Math Examples (Python)
The examples/math/ directory contains a collection of standalone Python specs that
together demonstrate all six spec types. Nothing about the maths is special — these
examples exist to show what each spec type looks like in practice.
Spec inventory
| File | Type | What it shows |
|---|---|---|
math_utils.spec.md |
bundle |
A compact module of related arithmetic functions |
factorial.spec.md |
function |
A single operation with full Behavior/Contract/Tests |
user.spec.md |
type |
A data schema with constraints and valid/invalid examples |
math_demo.spec.md |
module |
Re-exporting factorial and is_prime under one API |
math_workflow.spec.md |
workflow |
A two-step pipeline: compute factorial → check if prime |
is_prime.spec.md |
function |
A second standalone function (dependency of the workflow) |
Running the examples
The conductor resolves dependencies automatically: factorial and is_prime compile
first, then math_demo (which depends on both), then math_workflow.

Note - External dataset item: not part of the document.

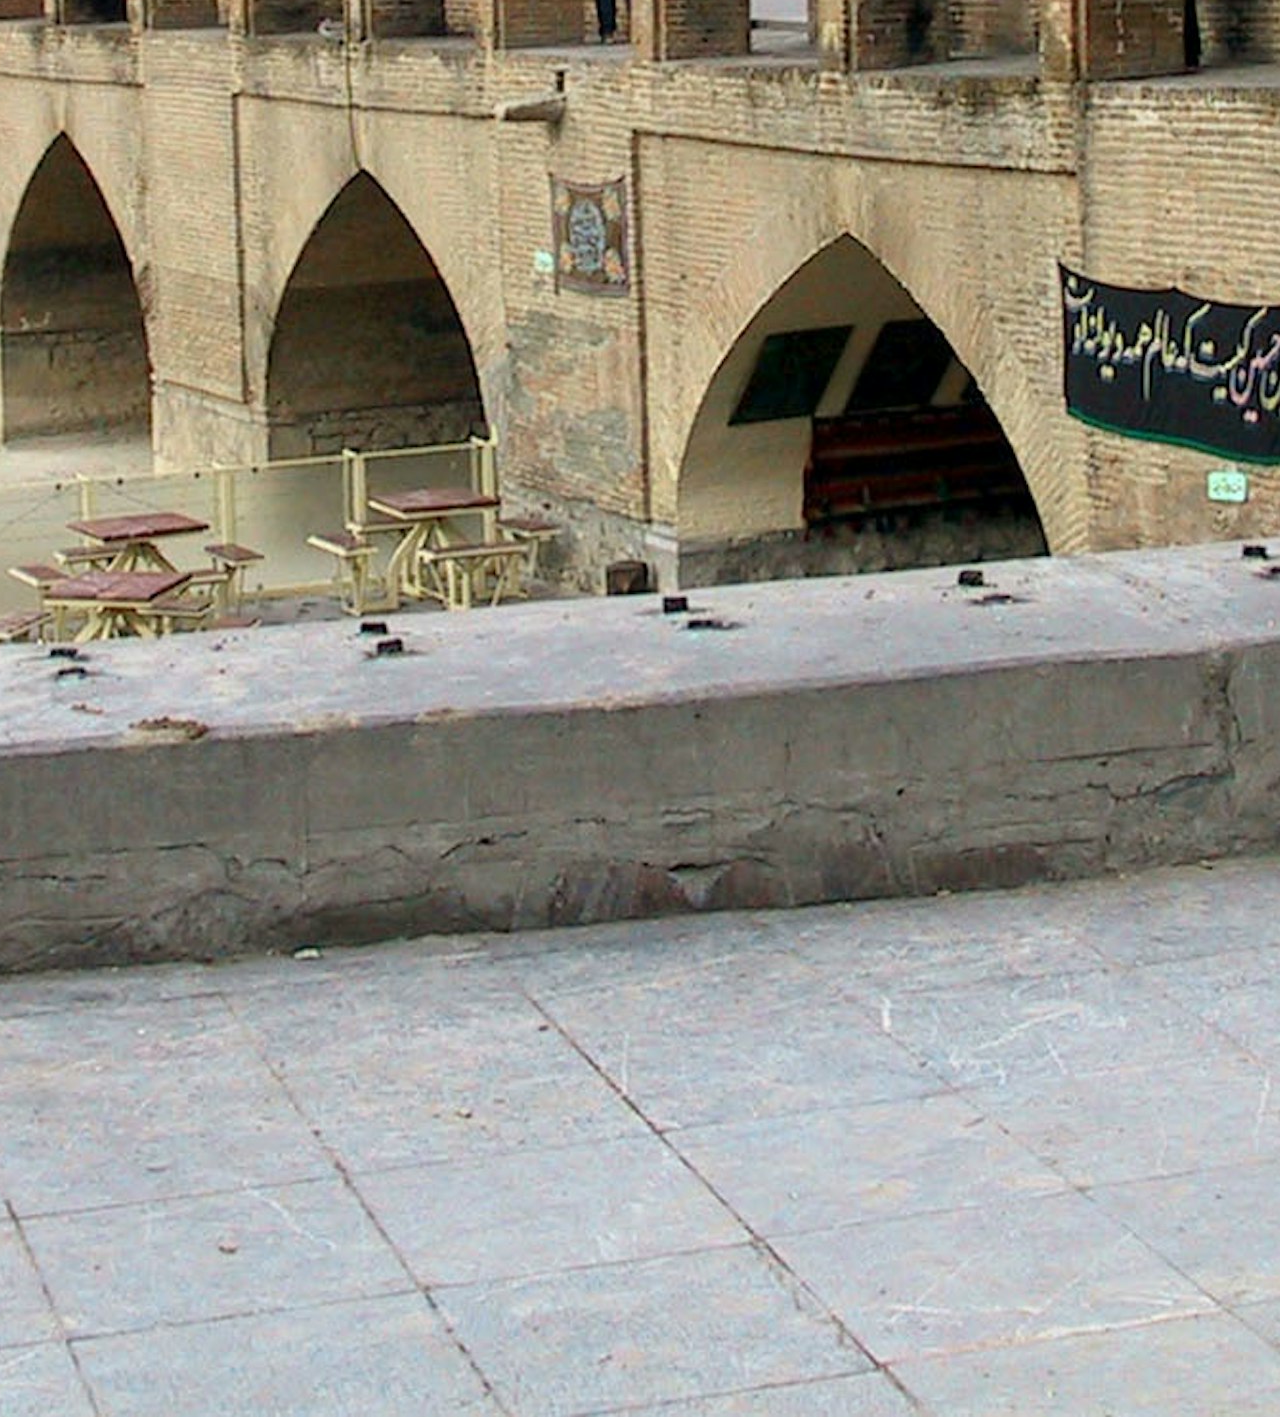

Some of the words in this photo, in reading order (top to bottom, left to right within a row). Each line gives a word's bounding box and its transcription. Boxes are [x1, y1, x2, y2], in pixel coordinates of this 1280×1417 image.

[1143, 308, 1178, 401] عالم
[1175, 302, 1212, 370] که
[1189, 305, 1269, 402] کیست

What each spec demonstrates
bundle — math_utils
math_utils.spec.md shows the compact bundle format: a YAML function block where each
entry has inputs, outputs, and a one-line behavior. No full sections — just a
compact description of related functions. Use this format when functions are simple
enough to describe in a sentence each.
function — factorial, is_prime
factorial.spec.md and is_prime.spec.md show the full function format: numbered
sections for Behavior, Constraints, Contract, and a Test Scenarios table. Use function
when a single operation has enough edge cases, constraints, and contract conditions to
warrant its own dedicated spec.
type — user
user.spec.md shows how to specify a data structure. The yaml:schema block defines
field names, types, formats, and required fields. The # Constraints section adds
cross-field rules that can't be expressed in schema alone, and the # Examples table
gives concrete valid and invalid instances.
module — math_demo
math_demo.spec.md shows how to aggregate sub-specs. A module spec lists what it
re-exports and documents the top-level entry points — it doesn't re-specify behaviour
that factorial and is_prime already cover.
workflow — math_workflow
math_workflow.spec.md shows the yaml:steps format. Each step references a spec by
name, wires inputs from either the workflow's own inputs (inputs.n) or a previous
step's outputs (compute_factorial.outputs.result). The checkpoint: true flag on
check_prime means the workflow can resume from that step if the first step succeeds
but the second fails.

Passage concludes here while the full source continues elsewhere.